Transcribe the data in full and exactly, omitting any pictures.

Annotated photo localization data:
━━━━━━━━
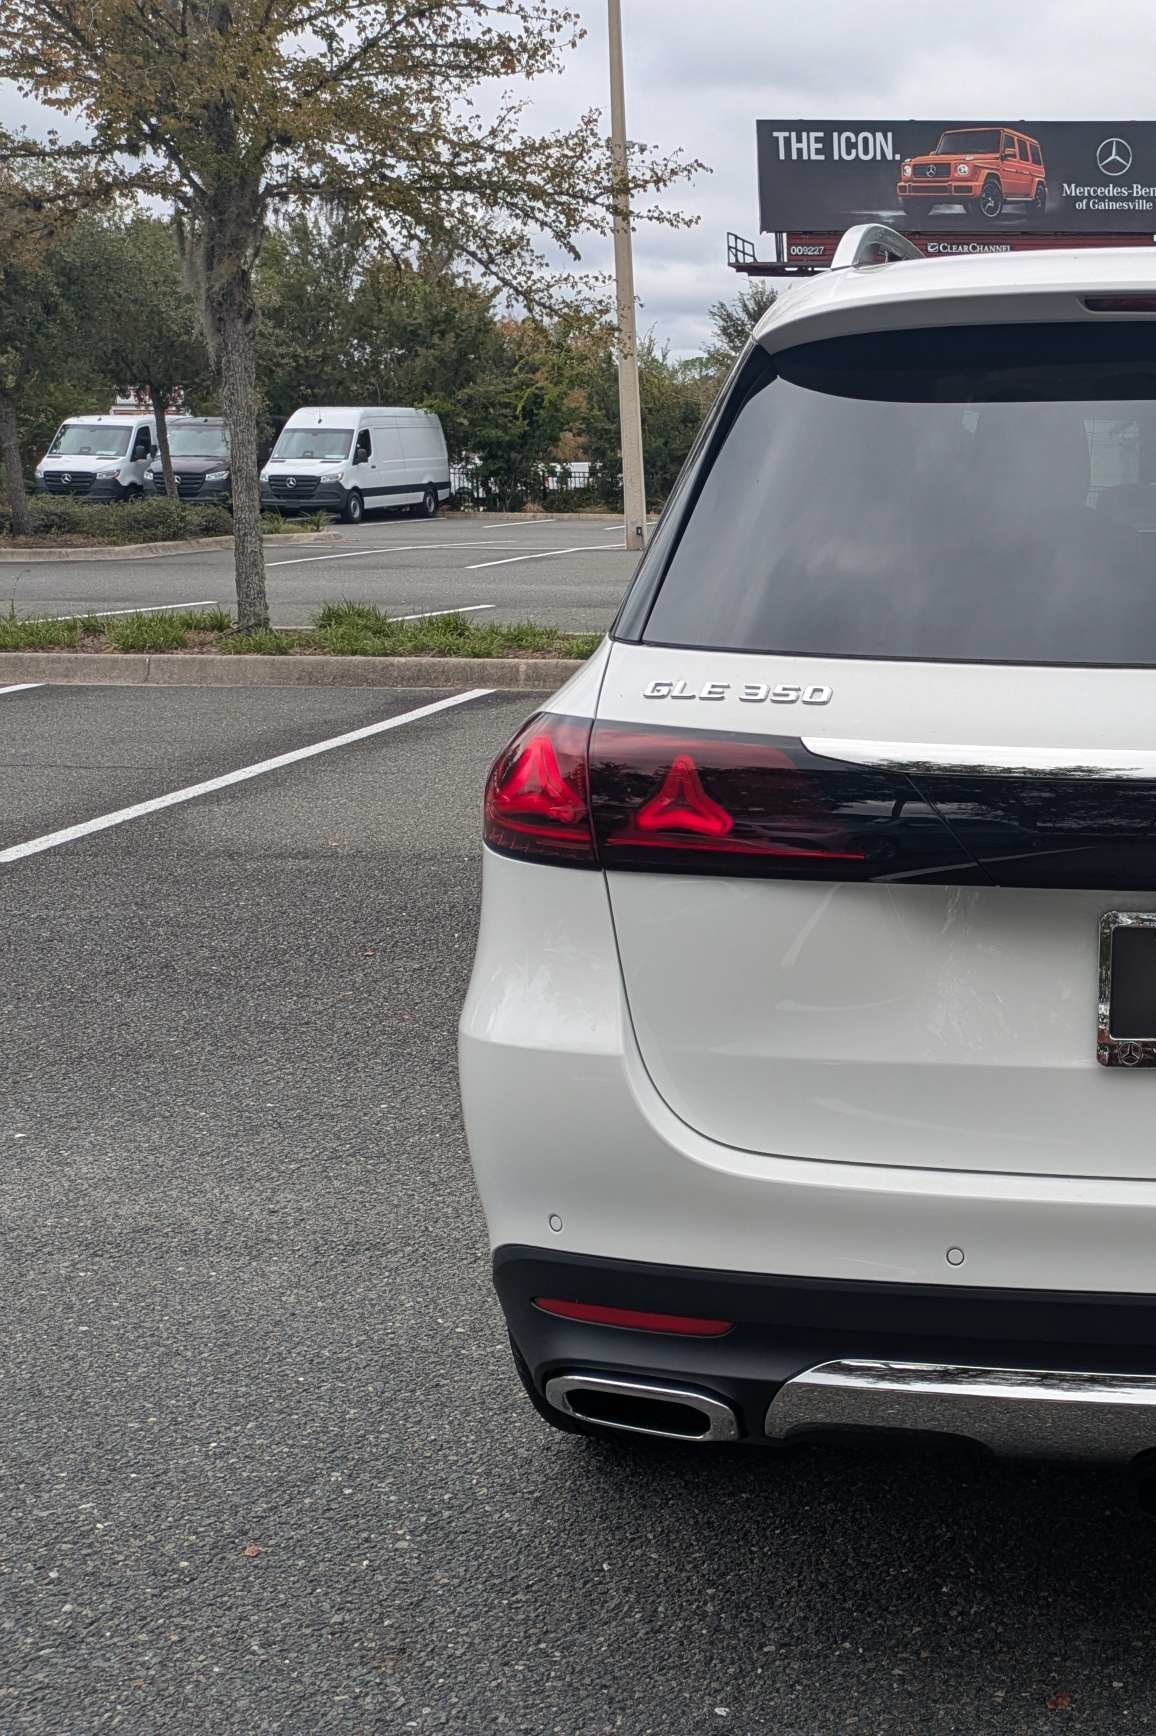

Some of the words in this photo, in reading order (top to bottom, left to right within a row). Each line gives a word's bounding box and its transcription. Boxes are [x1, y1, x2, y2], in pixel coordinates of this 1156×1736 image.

[772, 131, 825, 160] THE
[832, 131, 901, 160] ICON.
[1075, 199, 1087, 210] of
[1089, 199, 1153, 210] Gainesville
[643, 680, 731, 701] GLE
[738, 683, 834, 706] 350
━━━━━━━━
◆ **ANSWER BOX**:
Some of the words in this photo, in reading order (top to bottom, left to right within a row). Each line gives a word's bounding box and its transcription. Boxes are [x1, y1, x2, y2], in pixel coordinates of this 1156×1736 image.

[772, 131, 825, 160] THE
[832, 131, 901, 160] ICON.
[1075, 199, 1087, 210] of
[1089, 199, 1153, 210] Gainesville
[643, 680, 731, 701] GLE
[738, 683, 834, 706] 350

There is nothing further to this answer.